En effet, la philosophie du dos s’inscrit dans le cadre de la métaphysique du pouvoir. Pourquoi ce cadre ? Parce que le <dos> est un élément essentiel de l’existence humaine. Ainsi, il représente un pouvoir. Il a une puissance. Sans lui, personne ne saurait exister. Le dos permet à l’homme de rester debout ; il lui permet de rester en équilibre, il donne sens à l’existence humaine. Par ailleurs, le dos est l’une des caractéristiques essentielles du corps humain. Or, avec Merleau-Ponty, le corps est envisagé comme centre existentiel et manière d’être-au-monde. ( Cf: Sens et non-sens, Nagel, p.143). Par conséquent, la philosophie du dos se présente comme une philosophie qui cherche à redécouvrir l’existence de l’homme, c’est-à-dire ce qui ferait l’essence même de l’homme, et à s’interroger sur elle. Le dos est sacré.

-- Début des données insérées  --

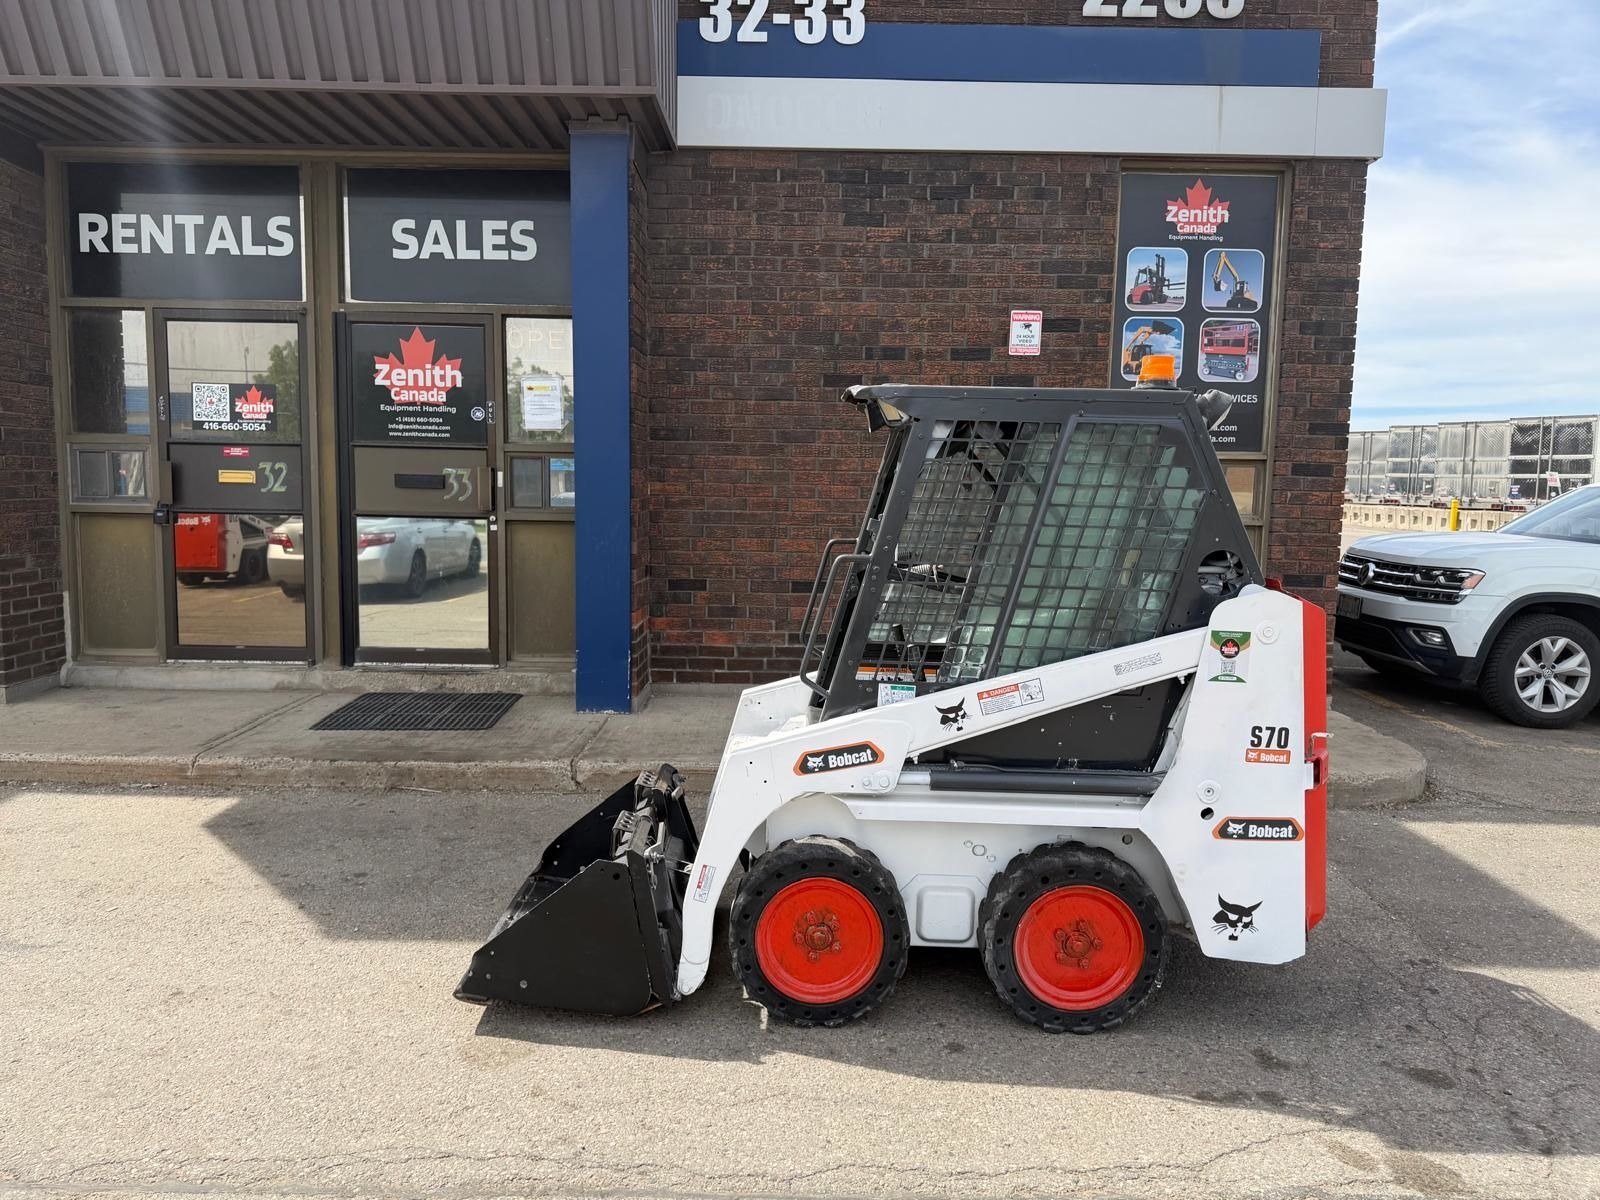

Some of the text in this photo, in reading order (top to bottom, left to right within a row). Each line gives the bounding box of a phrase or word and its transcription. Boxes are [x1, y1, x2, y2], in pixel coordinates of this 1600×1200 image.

Selon le chroniqueur Thibaut de Saint-Maurice de France Inter, notre dos nous structure. Il nous permet, avec sa colonne vertébrale, de nous tenir debout. Et pourtant notre dos nous échappe. Quoiqu’on fasse, on ne peut pas voir immédiatement son dos. On ne peut pas non plus le toucher entièrement d’une seule main. Le dos, continue-t-il, est un mystère. S’appuyant sur le philosophe Merleau-Ponty qui parle du dos comme d’une transcendance du corps propre, T. de Saint-Maurice montre comment mon dos m’échappe parce qu’il échappe en même temps à ma perception.

Le dos indique que nous ne pouvons pas nous suffire à nous-mêmes. Car d’une certaine manière, nous ne pouvons faire le tour de nous-mêmes, mais autrui le peut. Autrui peut faire le tour de mon dos, sans un miroir, en parler, le caresser, le masser quand j’ai mal, me donner une tape dans le dos pour exprimer son amitié. Tous ces gestes d’autrui participent à achever la perception que j’ai de moi-même. En quelque sorte, j’ai besoin de la caresse ou du regard d’autrui pour avoir une perception complète de moi. Cette transcendance du dos signe mon besoin d’autrui. La philosophie du dos affirme ainsi notre incomplétude: nous ne nous suffisons pas nous-mêmes.

Pour terminer, j’ai dit philosophie du dos, que notre entendement de voyeur ne traduise pas: philosophie des fesses. Où on montre que la philosophie peut sérieusement parler du dos, comme du kpêtou ou des testicules.